• **DESCRIPTION OF THE TASK**: Starting at the top line and ending at the bottom one, repeat the entries exactly and drop every picture.

DATA FOR THE TASK below:

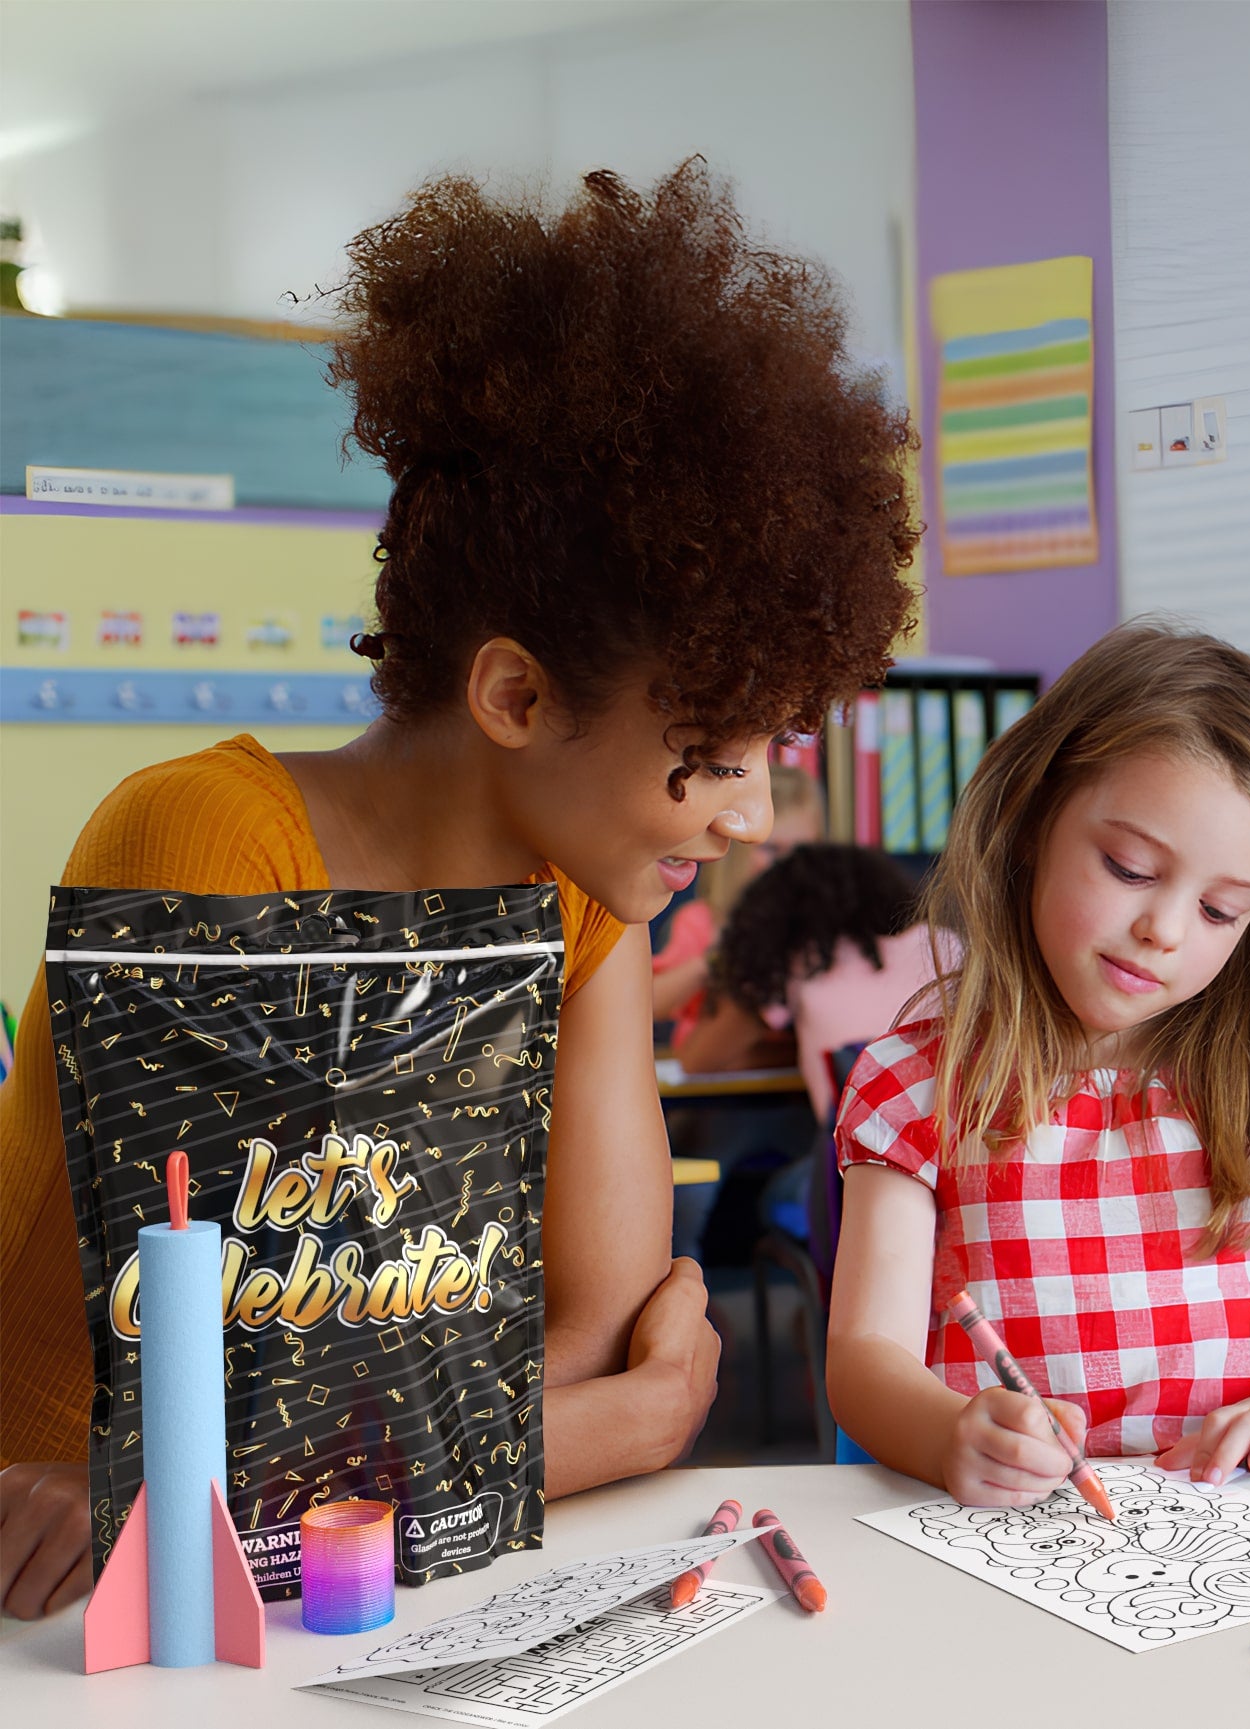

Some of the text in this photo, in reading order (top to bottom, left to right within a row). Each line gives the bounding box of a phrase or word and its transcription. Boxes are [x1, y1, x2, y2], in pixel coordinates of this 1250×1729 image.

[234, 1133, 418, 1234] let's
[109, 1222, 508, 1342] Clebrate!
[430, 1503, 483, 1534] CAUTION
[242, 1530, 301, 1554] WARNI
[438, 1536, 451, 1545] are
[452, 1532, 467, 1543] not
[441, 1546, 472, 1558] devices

End of DATA FOR THE TASK.

• **TASK RESPONSE**:
Some of the text in this photo, in reading order (top to bottom, left to right within a row). Each line gives the bounding box of a phrase or word and its transcription. Boxes are [x1, y1, x2, y2], in pixel coordinates of this 1250×1729 image.

[234, 1133, 418, 1234] let's
[109, 1222, 508, 1342] Clebrate!
[430, 1503, 483, 1534] CAUTION
[242, 1530, 301, 1554] WARNI
[438, 1536, 451, 1545] are
[452, 1532, 467, 1543] not
[441, 1546, 472, 1558] devices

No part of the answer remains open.